Faith Versus Fact: Why Science and Religion Are Incompatible
- Author: Jerry Coyne
- Publisher: Viking Press
- Publication date: 2015
- Pages: 311
- ISBN: 978-0-670-02653-1

= Faith Versus Fact =

2015 book by Jerry Coyne

Faith Versus Fact: Why Science and Religion Are Incompatible is a 2015 book by the biologist Jerry Coyne concerning the relationship between science and religion. Coyne argues that religion and science are incompatible, by surveying the history of science and stating that both religion and science make claims about the universe, yet only science is open to the fact that it may be wrong.

Coyne was astonished that after having published his book Why Evolution is True that the proportion of creationists in the United States still remained between 40 and 46 percent. He felt that faith was the main reason many people continued to reject the facts and evidence for evolution.

== Synopsis ==
Coyne defines science as "a collection of methods" that yield knowledge which may be rejected or confirmed via testing.

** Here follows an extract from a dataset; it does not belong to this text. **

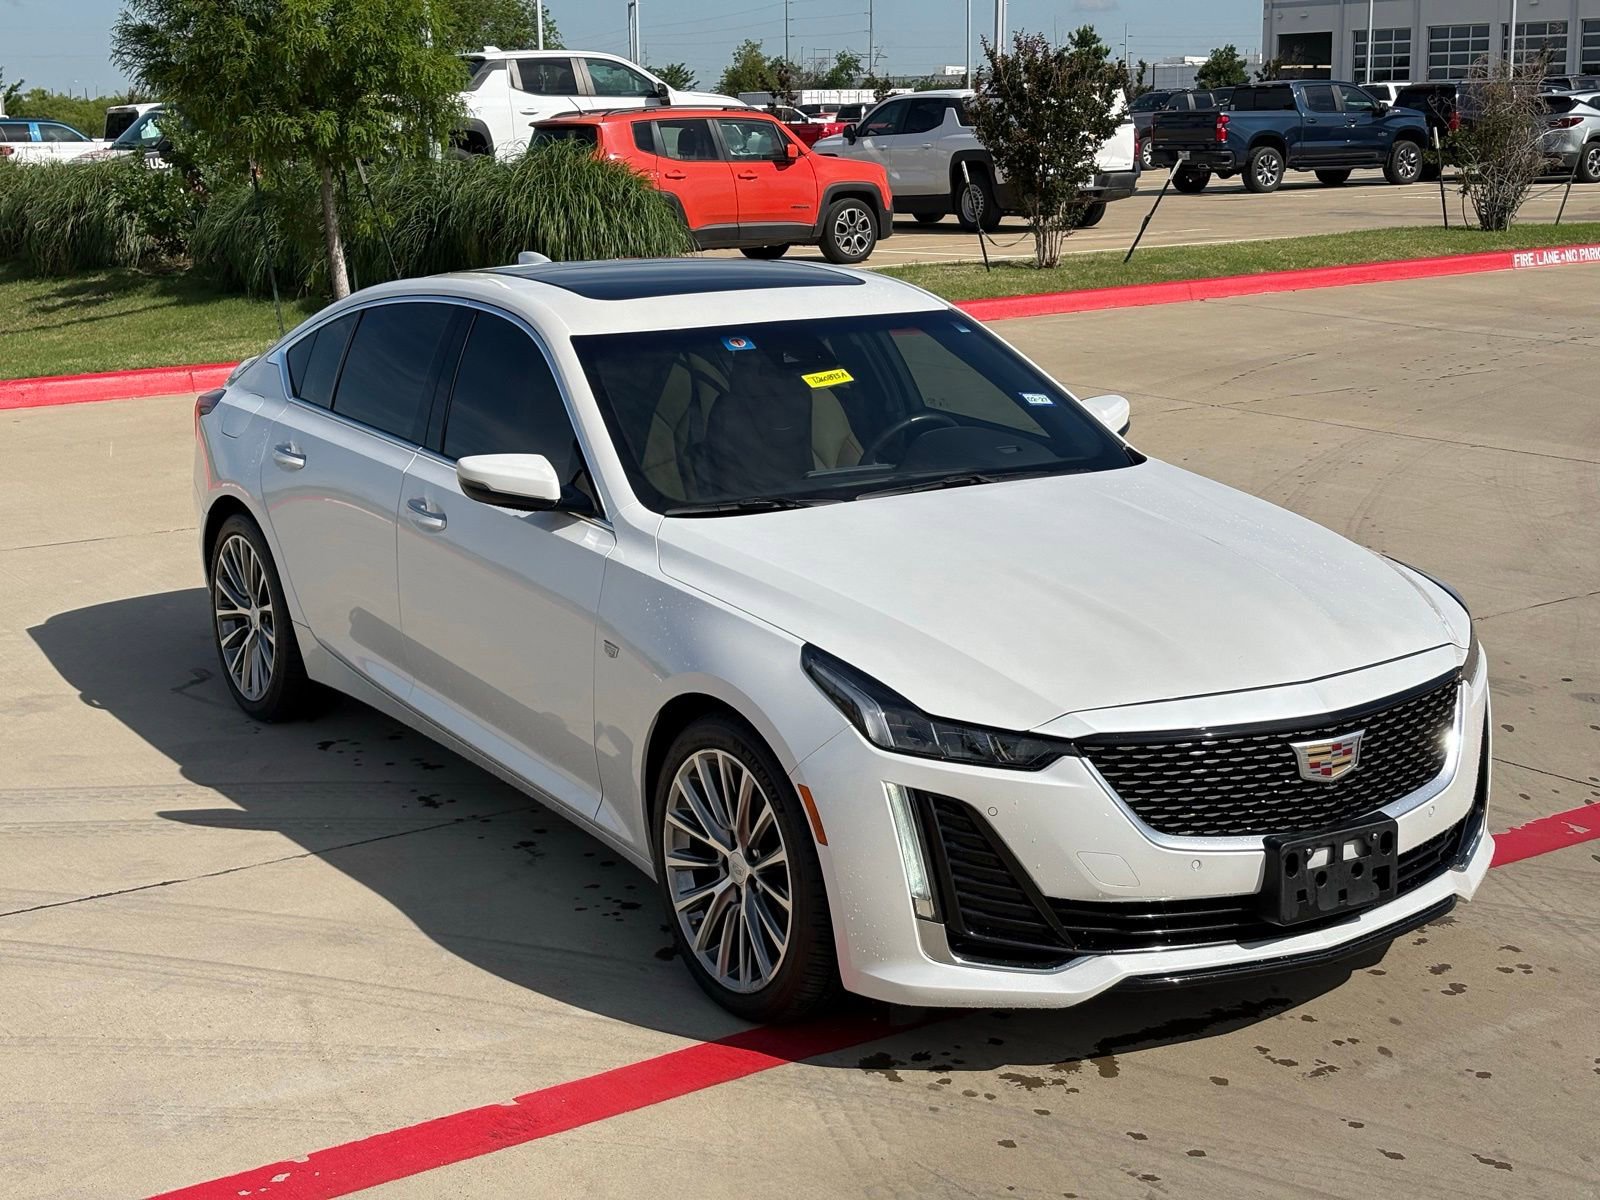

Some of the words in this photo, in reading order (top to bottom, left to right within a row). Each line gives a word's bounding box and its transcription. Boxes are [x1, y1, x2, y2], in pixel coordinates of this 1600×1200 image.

[1514, 253, 1535, 267] FIRE
[1537, 251, 1561, 265] LANE
[1565, 249, 1577, 262] NO

With this definition in hand, he went on to argue that religion and science were inherently incompatible "because they have different methods of getting knowledge about reality, different ways of assessing the reliability of that knowledge, and, in the end, arrive at conflicting conclusions about the universe". Coyne believes that theistic religions make claims which conflict with science in three ways, namely methodology, outcomes and philosophy.

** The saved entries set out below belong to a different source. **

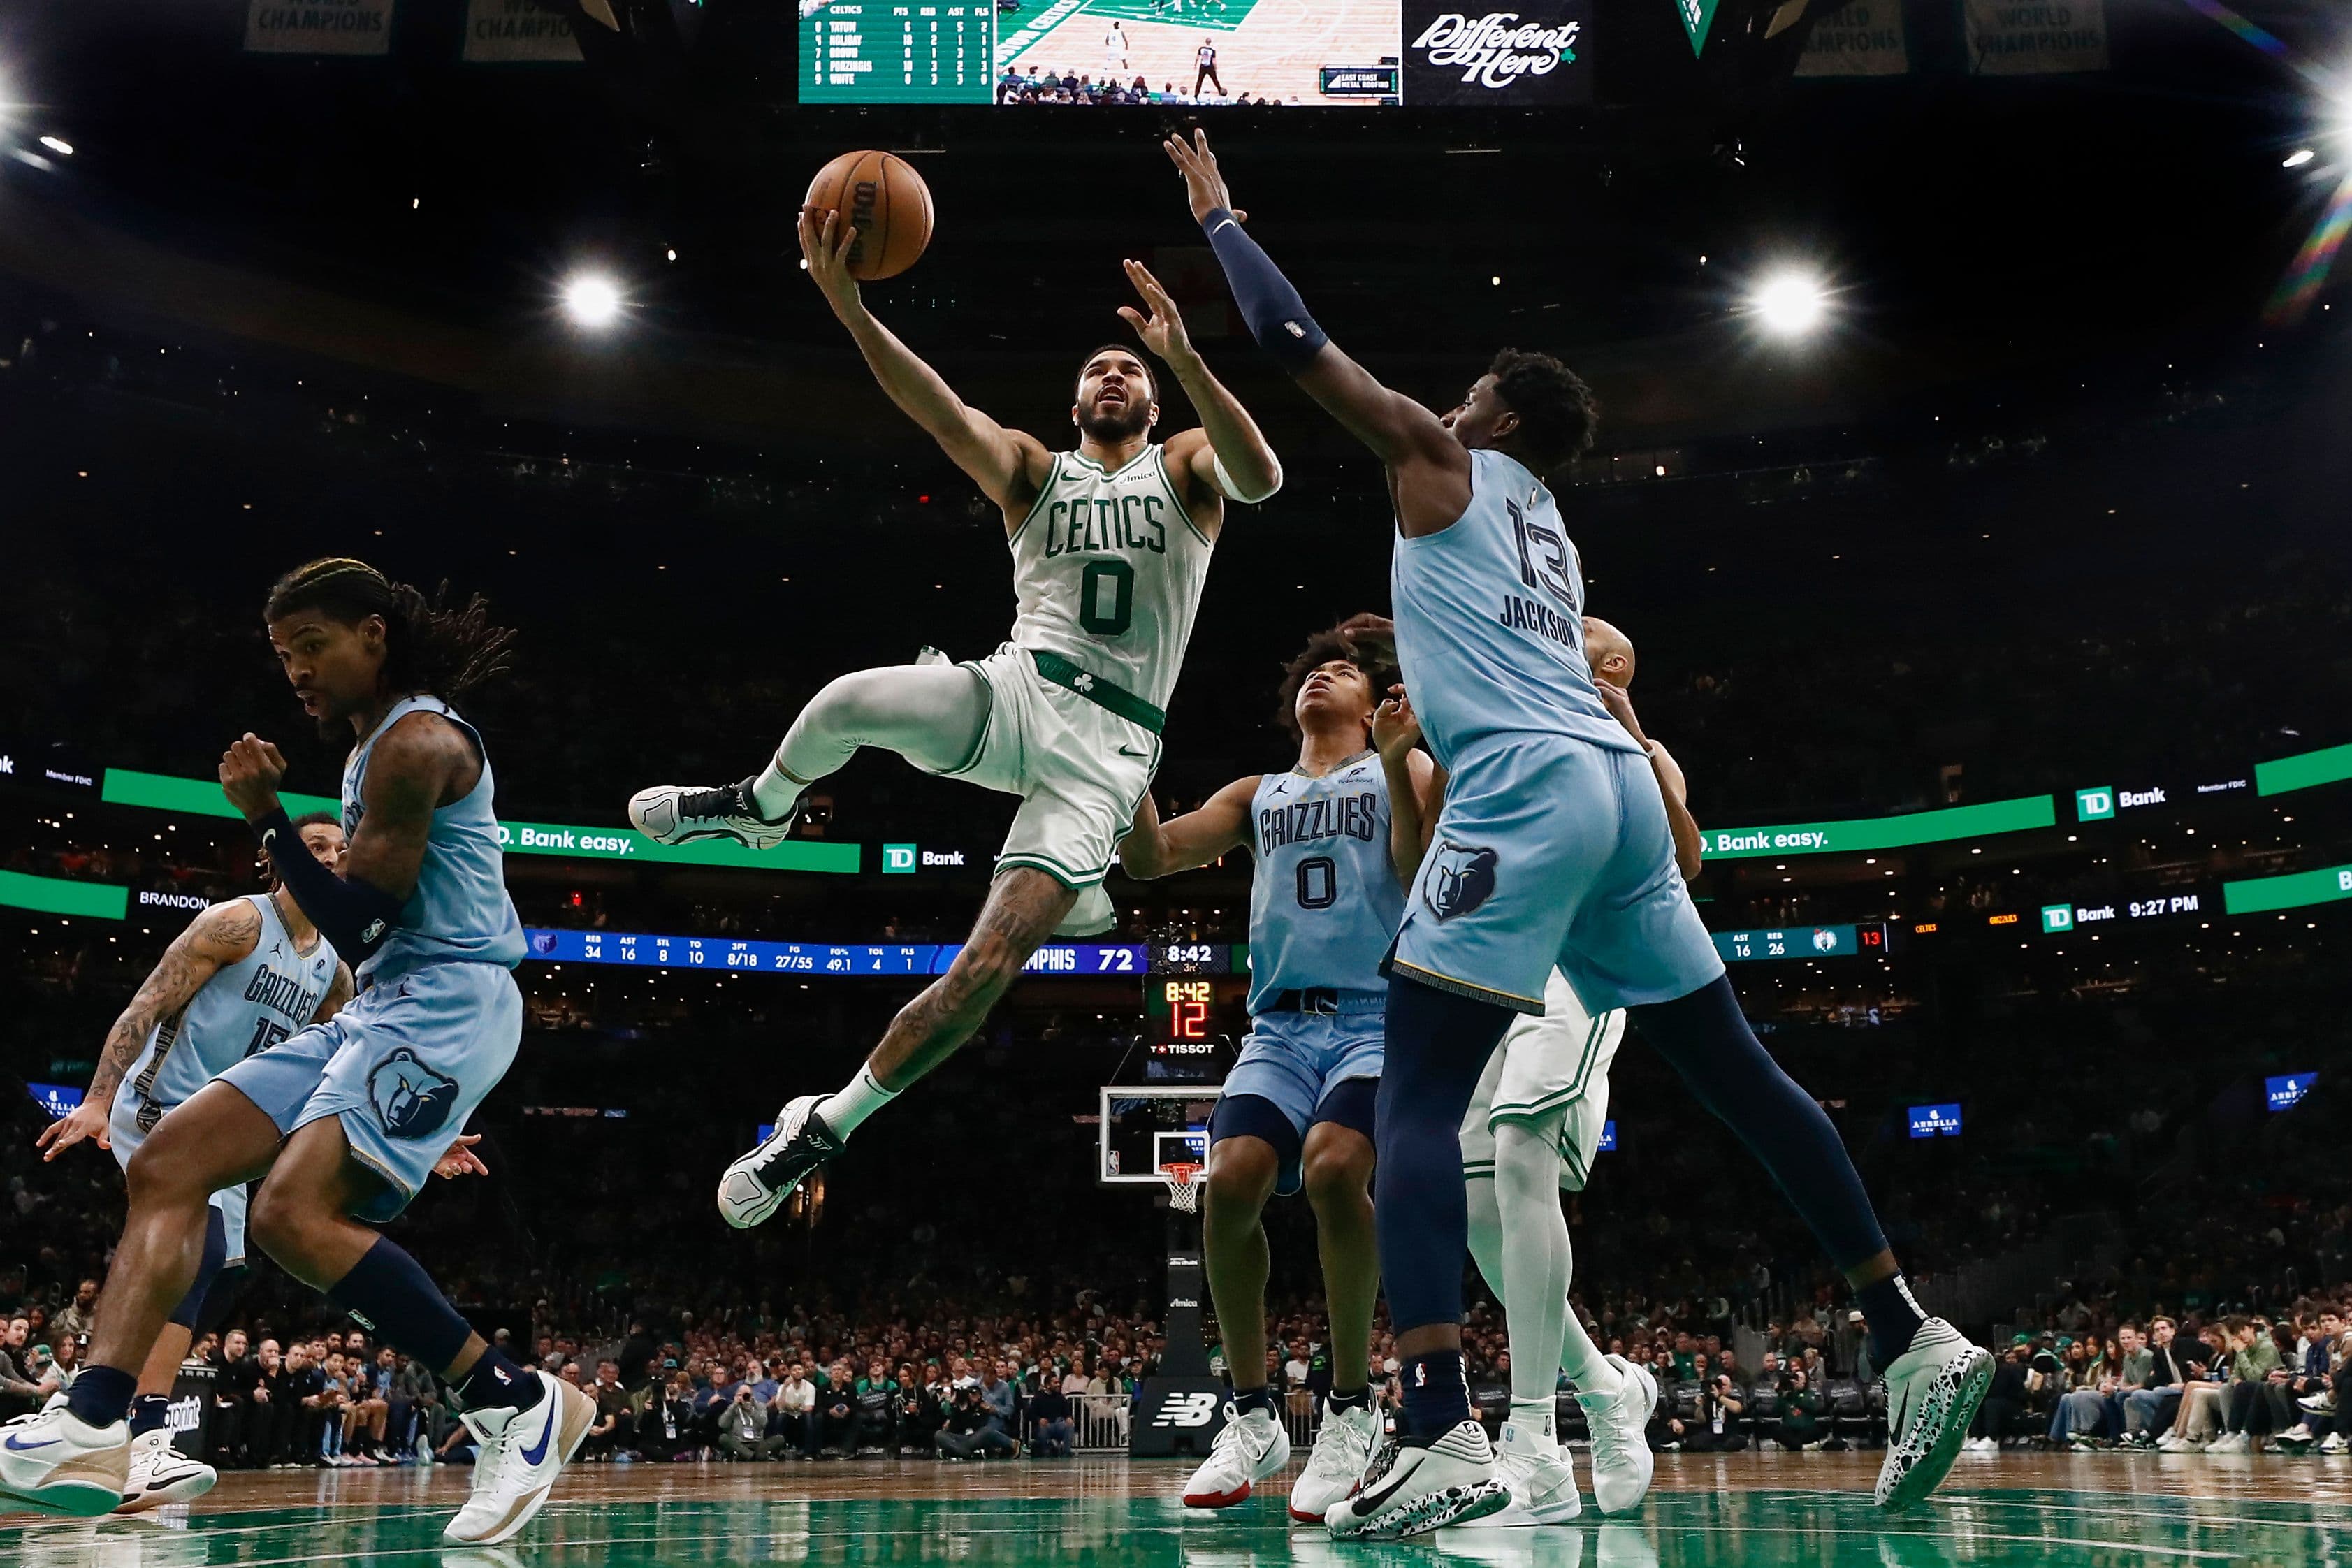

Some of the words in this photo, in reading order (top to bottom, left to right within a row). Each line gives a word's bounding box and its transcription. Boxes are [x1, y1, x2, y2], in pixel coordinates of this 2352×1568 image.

[258, 8, 382, 32] CHAMPIONS
[829, 5, 862, 15] CELTICS
[893, 7, 909, 17] PTS
[920, 7, 936, 17] REB
[947, 7, 964, 17] AST
[974, 7, 989, 17] FLS
[829, 20, 857, 33] TATUM
[957, 20, 964, 33] 5
[980, 20, 988, 33] 2
[1411, 13, 1581, 56] Different
[930, 34, 938, 46] 2
[957, 34, 963, 46] 1
[815, 47, 822, 59] 7
[931, 47, 937, 59] 1
[957, 47, 964, 59] 3
[982, 47, 987, 59] 1
[931, 60, 938, 72] 3
[957, 60, 964, 72] 2
[980, 60, 988, 72] 3
[1460, 47, 1560, 89] Here
[829, 73, 855, 85] WHITE
[931, 73, 938, 85] 3
[957, 73, 964, 85] 3
[1119, 470, 1156, 484] Amica
[1045, 495, 1166, 558] CELTICS
[1506, 497, 1578, 612] 13
[1079, 560, 1135, 635] 0
[1500, 595, 1578, 651] JACKSON
[2080, 792, 2110, 815] TD
[2119, 787, 2166, 808] Bank
[1259, 792, 1376, 857] GRIZZLIES
[521, 827, 575, 849] Bank
[579, 835, 634, 855] easy.
[1718, 832, 1771, 852] Bank
[1774, 832, 1828, 848] easy.
[885, 848, 913, 868] TD
[922, 850, 964, 866] Bank
[1296, 856, 1336, 910] 0
[140, 891, 210, 910] BRANDON
[2044, 908, 2070, 928] TD
[2077, 906, 2115, 922] Bank
[2130, 899, 2166, 917] 9:27
[2170, 895, 2199, 913] PM
[585, 935, 602, 943] REB
[656, 938, 670, 947] STL
[1733, 934, 1749, 942] AST
[1862, 932, 1880, 945] 13
[584, 945, 601, 958] 34
[621, 948, 636, 961] 16
[659, 950, 668, 962] 8
[689, 951, 704, 964] 10
[727, 953, 757, 967] 8/18
[775, 956, 813, 970] 27/55
[826, 959, 851, 971] 49.1
[872, 959, 881, 971] 4
[906, 958, 912, 971] 1
[1022, 948, 1076, 971] MPHIS
[1098, 948, 1133, 971] 72
[1168, 945, 1212, 962] 8:42
[1736, 945, 1751, 957] 16
[1769, 943, 1785, 955] 26
[1166, 982, 1210, 1002] 8:42
[1172, 1002, 1207, 1037] 12
[1168, 1045, 1214, 1054] TISSOT
[1912, 1118, 1959, 1128] ARBELLA
[1170, 1298, 1198, 1307] Amica

A substantial portion of his book criticizes theistic evolution, arguing that if God were to use evolution as a method of creation, the evolutionary process should show signs of directionality.

== Reception ==
Kirkus Reviews lauded the book as "important", stating that it deserves "an open-minded readership". They add that "although he makes a clear and cogent argument, he may find that, once again, he is preaching to his own choir." Rau Olson of Booklist wrote that "none of [the New Atheists] makes the case for the final divorce of religion and science, with permanent restraining orders against harassment and stalking of science by religion, better than Coyne". Brandon Robshaw, reviewing the book for The Independent, agreed, saying,Another oft-repeated criticism of new atheists is that they haven’t read any theology. Coyne has made a point of doing so, and totally dismantles Alvin Plantinga’s sophisticated version of the God of the Gaps argument. No doubt this book will attract the spiteful ire that defenders of faith have already directed at atheists such as Richard Dawkins, Daniel Dennett and Sam Harris. But the ad hominem nature of that ire suggests a certain insecurity. Jerry Coyne is the perfect candidate to replace the late Christopher Hitchens as the fourth Horseman of the New Atheist Apocalypse.

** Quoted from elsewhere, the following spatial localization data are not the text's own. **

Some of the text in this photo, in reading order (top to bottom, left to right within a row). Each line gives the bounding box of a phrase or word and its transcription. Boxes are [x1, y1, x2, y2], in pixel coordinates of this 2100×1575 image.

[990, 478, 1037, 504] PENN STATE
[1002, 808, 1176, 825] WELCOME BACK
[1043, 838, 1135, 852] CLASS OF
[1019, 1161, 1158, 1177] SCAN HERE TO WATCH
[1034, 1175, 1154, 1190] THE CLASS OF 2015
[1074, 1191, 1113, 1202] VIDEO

Some reviewers felt the book did not make a very strong case for why religion and science could not co-exist. The biologist Austin L. Hughes wrote for the social conservative New Atlantis that "what Coyne is attempting in Faith Versus Fact falls under the general heading of philosophy. But his philosophical training seems inadequate to the task, since he fails to develop a consistent terminology and to construct arguments with any degree of rigor." He feels that Coyne's arguments attempting to show that doubt is necessary, or endemic, to science eventually fall on themselves, asking, "but if we push our doubt far enough, won't we eventually end up doubting even science?"

The science journalist John Horgan wrote a highly critical review of the book in Scientific American, stating:

Mr. Coyne repeatedly reminds us that science, unlike religion, promotes self-criticism, but he is remarkably lacking in this virtue himself. He rejects complaints that some modern scientists are guilty of "scientism," which I would define as excessive trust – faith! – in science. Actually, Faith vs. Fact serves as a splendid specimen of scientism. Mr. Coyne disparages not only religion but also other human ways of engaging with reality. The arts, he argues, "cannot ascertain truth or knowledge," and the humanities do so only to the extent that they emulate the sciences. This sort of arrogance and certitude is the essence of scientism.

In a highly critical review for First Things, the Catholic philosopher Edward Feser criticized the book for being unable to define its terms consistently, writing that:

[Coyne] has no consistent account at all of what religion is. On one page, he will tell you that Jainism is not really the sort of thing he means by "religion." Forty pages later, he’ll offer Jainism as an example of the sort of thing he means by "religion." If the views of some theologian are clearly compatible with science, Coyne will assure us that what theologians have to say is irrelevant to determining what is typical of religion. But if a theologian says something that Coyne thinks is stupid, then what theologians have to say suddenly becomes highly relevant to determining what is typical of religion. When churchmen refuse to abandon some doctrine, Coyne tells us that this shows that religion is dogmatic and unwilling to adjust itself to modern knowledge. When churchmen do abandon some doctrine, Coyne tells us that this shows that religion is unfalsifiable and desperate to adjust itself to modern knowledge. It seems Coyne also missed that lecture in logic class about the fallacy of special pleading.